> WHAT THIS TASK INVOLVES
Could you please retype all of the data below exactly?

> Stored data
● ● ●
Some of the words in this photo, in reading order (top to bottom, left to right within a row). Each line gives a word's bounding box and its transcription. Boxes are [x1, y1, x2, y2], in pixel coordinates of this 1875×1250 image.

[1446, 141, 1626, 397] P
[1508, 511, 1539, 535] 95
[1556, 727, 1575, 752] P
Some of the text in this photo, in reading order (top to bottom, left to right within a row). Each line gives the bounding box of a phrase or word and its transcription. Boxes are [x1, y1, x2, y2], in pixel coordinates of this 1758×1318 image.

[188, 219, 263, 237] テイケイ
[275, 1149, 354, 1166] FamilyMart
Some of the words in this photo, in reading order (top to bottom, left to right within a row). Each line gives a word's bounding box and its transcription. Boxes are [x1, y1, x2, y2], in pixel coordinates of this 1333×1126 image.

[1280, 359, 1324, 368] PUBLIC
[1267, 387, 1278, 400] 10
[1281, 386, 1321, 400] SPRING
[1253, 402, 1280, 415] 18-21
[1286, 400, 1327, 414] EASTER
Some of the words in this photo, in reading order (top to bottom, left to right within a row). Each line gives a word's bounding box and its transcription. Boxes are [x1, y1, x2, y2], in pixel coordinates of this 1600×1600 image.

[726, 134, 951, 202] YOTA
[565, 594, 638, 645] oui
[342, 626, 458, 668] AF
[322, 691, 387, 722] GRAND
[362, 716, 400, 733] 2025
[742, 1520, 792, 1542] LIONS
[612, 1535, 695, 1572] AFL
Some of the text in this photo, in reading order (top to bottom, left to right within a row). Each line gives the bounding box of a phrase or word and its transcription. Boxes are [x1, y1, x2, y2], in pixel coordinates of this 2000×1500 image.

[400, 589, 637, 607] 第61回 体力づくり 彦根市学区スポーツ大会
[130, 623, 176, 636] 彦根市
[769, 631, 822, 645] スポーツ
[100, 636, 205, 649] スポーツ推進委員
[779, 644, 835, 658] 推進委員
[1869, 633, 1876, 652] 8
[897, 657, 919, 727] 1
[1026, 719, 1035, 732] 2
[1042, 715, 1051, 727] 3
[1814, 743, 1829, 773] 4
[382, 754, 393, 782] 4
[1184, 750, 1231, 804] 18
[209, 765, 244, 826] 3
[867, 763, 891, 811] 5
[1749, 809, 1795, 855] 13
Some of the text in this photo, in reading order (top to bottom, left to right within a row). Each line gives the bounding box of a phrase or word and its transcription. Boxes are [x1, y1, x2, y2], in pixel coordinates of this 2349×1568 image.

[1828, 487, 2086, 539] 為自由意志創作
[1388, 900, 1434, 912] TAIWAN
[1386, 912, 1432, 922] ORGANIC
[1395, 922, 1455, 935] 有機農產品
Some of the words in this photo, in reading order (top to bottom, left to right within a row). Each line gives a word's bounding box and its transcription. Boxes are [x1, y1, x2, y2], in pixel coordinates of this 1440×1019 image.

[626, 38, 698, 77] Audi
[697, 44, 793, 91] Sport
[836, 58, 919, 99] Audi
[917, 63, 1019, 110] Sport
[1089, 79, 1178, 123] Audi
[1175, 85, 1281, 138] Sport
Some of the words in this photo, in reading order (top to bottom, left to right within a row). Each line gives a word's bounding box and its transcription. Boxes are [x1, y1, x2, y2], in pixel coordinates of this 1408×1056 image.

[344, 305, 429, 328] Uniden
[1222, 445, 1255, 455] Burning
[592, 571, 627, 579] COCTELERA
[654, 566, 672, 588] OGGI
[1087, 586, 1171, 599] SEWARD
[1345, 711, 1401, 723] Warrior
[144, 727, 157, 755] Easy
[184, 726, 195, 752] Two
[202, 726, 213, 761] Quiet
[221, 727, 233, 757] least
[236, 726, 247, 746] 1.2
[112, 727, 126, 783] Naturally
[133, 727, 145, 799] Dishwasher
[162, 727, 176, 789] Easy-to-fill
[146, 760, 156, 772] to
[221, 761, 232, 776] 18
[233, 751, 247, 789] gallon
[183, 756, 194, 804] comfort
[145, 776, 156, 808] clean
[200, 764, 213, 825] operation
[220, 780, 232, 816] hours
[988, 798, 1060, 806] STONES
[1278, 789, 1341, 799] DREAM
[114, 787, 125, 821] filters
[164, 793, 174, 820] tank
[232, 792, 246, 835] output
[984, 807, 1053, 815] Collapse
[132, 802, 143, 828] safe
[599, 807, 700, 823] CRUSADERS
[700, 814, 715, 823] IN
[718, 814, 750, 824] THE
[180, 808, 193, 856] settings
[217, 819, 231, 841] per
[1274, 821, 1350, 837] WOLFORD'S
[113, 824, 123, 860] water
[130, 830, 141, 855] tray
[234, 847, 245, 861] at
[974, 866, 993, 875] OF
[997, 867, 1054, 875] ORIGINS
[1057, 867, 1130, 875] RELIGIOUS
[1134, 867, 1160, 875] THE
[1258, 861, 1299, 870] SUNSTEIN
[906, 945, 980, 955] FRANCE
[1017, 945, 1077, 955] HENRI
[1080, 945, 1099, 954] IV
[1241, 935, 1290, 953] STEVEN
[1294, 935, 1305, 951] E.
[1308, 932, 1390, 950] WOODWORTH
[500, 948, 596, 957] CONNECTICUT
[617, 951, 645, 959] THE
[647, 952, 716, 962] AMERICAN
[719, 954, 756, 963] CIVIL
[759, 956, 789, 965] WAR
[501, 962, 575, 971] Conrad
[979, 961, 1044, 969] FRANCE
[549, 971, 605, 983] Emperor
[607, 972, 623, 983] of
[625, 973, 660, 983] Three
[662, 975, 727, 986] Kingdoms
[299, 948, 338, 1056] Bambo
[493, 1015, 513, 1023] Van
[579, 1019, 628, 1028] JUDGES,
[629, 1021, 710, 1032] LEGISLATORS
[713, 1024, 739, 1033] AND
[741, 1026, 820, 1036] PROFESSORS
● ● ●
> RESULT OF THIS TASK
Some of the words in this photo, in reading order (top to bottom, left to right within a row). Each line gives a word's bounding box and its transcription. Boxes are [x1, y1, x2, y2], in pixel coordinates of this 1875×1250 image.

[1446, 141, 1626, 397] P
[1508, 511, 1539, 535] 95
[1556, 727, 1575, 752] P
Some of the text in this photo, in reading order (top to bottom, left to right within a row). Each line gives the bounding box of a phrase or word and its transcription. Boxes are [x1, y1, x2, y2], in pixel coordinates of this 1758×1318 image.

[188, 219, 263, 237] テイケイ
[275, 1149, 354, 1166] FamilyMart
Some of the words in this photo, in reading order (top to bottom, left to right within a row). Each line gives a word's bounding box and its transcription. Boxes are [x1, y1, x2, y2], in pixel coordinates of this 1333×1126 image.

[1280, 359, 1324, 368] PUBLIC
[1267, 387, 1278, 400] 10
[1281, 386, 1321, 400] SPRING
[1253, 402, 1280, 415] 18-21
[1286, 400, 1327, 414] EASTER
Some of the words in this photo, in reading order (top to bottom, left to right within a row). Each line gives a word's bounding box and its transcription. Boxes are [x1, y1, x2, y2], in pixel coordinates of this 1600×1600 image.

[726, 134, 951, 202] YOTA
[565, 594, 638, 645] oui
[342, 626, 458, 668] AF
[322, 691, 387, 722] GRAND
[362, 716, 400, 733] 2025
[742, 1520, 792, 1542] LIONS
[612, 1535, 695, 1572] AFL
Some of the text in this photo, in reading order (top to bottom, left to right within a row). Each line gives the bounding box of a phrase or word and its transcription. Boxes are [x1, y1, x2, y2], in pixel coordinates of this 2000×1500 image.

[400, 589, 637, 607] 第61回 体力づくり 彦根市学区スポーツ大会
[130, 623, 176, 636] 彦根市
[769, 631, 822, 645] スポーツ
[100, 636, 205, 649] スポーツ推進委員
[779, 644, 835, 658] 推進委員
[1869, 633, 1876, 652] 8
[897, 657, 919, 727] 1
[1026, 719, 1035, 732] 2
[1042, 715, 1051, 727] 3
[1814, 743, 1829, 773] 4
[382, 754, 393, 782] 4
[1184, 750, 1231, 804] 18
[209, 765, 244, 826] 3
[867, 763, 891, 811] 5
[1749, 809, 1795, 855] 13
Some of the text in this photo, in reading order (top to bottom, left to right within a row). Each line gives the bounding box of a phrase or word and its transcription. Boxes are [x1, y1, x2, y2], in pixel coordinates of this 2349×1568 image.

[1828, 487, 2086, 539] 為自由意志創作
[1388, 900, 1434, 912] TAIWAN
[1386, 912, 1432, 922] ORGANIC
[1395, 922, 1455, 935] 有機農產品
Some of the words in this photo, in reading order (top to bottom, left to right within a row). Each line gives a word's bounding box and its transcription. Boxes are [x1, y1, x2, y2], in pixel coordinates of this 1440×1019 image.

[626, 38, 698, 77] Audi
[697, 44, 793, 91] Sport
[836, 58, 919, 99] Audi
[917, 63, 1019, 110] Sport
[1089, 79, 1178, 123] Audi
[1175, 85, 1281, 138] Sport
Some of the words in this photo, in reading order (top to bottom, left to right within a row). Each line gives a word's bounding box and its transcription. Boxes are [x1, y1, x2, y2], in pixel coordinates of this 1408×1056 image.

[344, 305, 429, 328] Uniden
[1222, 445, 1255, 455] Burning
[592, 571, 627, 579] COCTELERA
[654, 566, 672, 588] OGGI
[1087, 586, 1171, 599] SEWARD
[1345, 711, 1401, 723] Warrior
[144, 727, 157, 755] Easy
[184, 726, 195, 752] Two
[202, 726, 213, 761] Quiet
[221, 727, 233, 757] least
[236, 726, 247, 746] 1.2
[112, 727, 126, 783] Naturally
[133, 727, 145, 799] Dishwasher
[162, 727, 176, 789] Easy-to-fill
[146, 760, 156, 772] to
[221, 761, 232, 776] 18
[233, 751, 247, 789] gallon
[183, 756, 194, 804] comfort
[145, 776, 156, 808] clean
[200, 764, 213, 825] operation
[220, 780, 232, 816] hours
[988, 798, 1060, 806] STONES
[1278, 789, 1341, 799] DREAM
[114, 787, 125, 821] filters
[164, 793, 174, 820] tank
[232, 792, 246, 835] output
[984, 807, 1053, 815] Collapse
[132, 802, 143, 828] safe
[599, 807, 700, 823] CRUSADERS
[700, 814, 715, 823] IN
[718, 814, 750, 824] THE
[180, 808, 193, 856] settings
[217, 819, 231, 841] per
[1274, 821, 1350, 837] WOLFORD'S
[113, 824, 123, 860] water
[130, 830, 141, 855] tray
[234, 847, 245, 861] at
[974, 866, 993, 875] OF
[997, 867, 1054, 875] ORIGINS
[1057, 867, 1130, 875] RELIGIOUS
[1134, 867, 1160, 875] THE
[1258, 861, 1299, 870] SUNSTEIN
[906, 945, 980, 955] FRANCE
[1017, 945, 1077, 955] HENRI
[1080, 945, 1099, 954] IV
[1241, 935, 1290, 953] STEVEN
[1294, 935, 1305, 951] E.
[1308, 932, 1390, 950] WOODWORTH
[500, 948, 596, 957] CONNECTICUT
[617, 951, 645, 959] THE
[647, 952, 716, 962] AMERICAN
[719, 954, 756, 963] CIVIL
[759, 956, 789, 965] WAR
[501, 962, 575, 971] Conrad
[979, 961, 1044, 969] FRANCE
[549, 971, 605, 983] Emperor
[607, 972, 623, 983] of
[625, 973, 660, 983] Three
[662, 975, 727, 986] Kingdoms
[299, 948, 338, 1056] Bambo
[493, 1015, 513, 1023] Van
[579, 1019, 628, 1028] JUDGES,
[629, 1021, 710, 1032] LEGISLATORS
[713, 1024, 739, 1033] AND
[741, 1026, 820, 1036] PROFESSORS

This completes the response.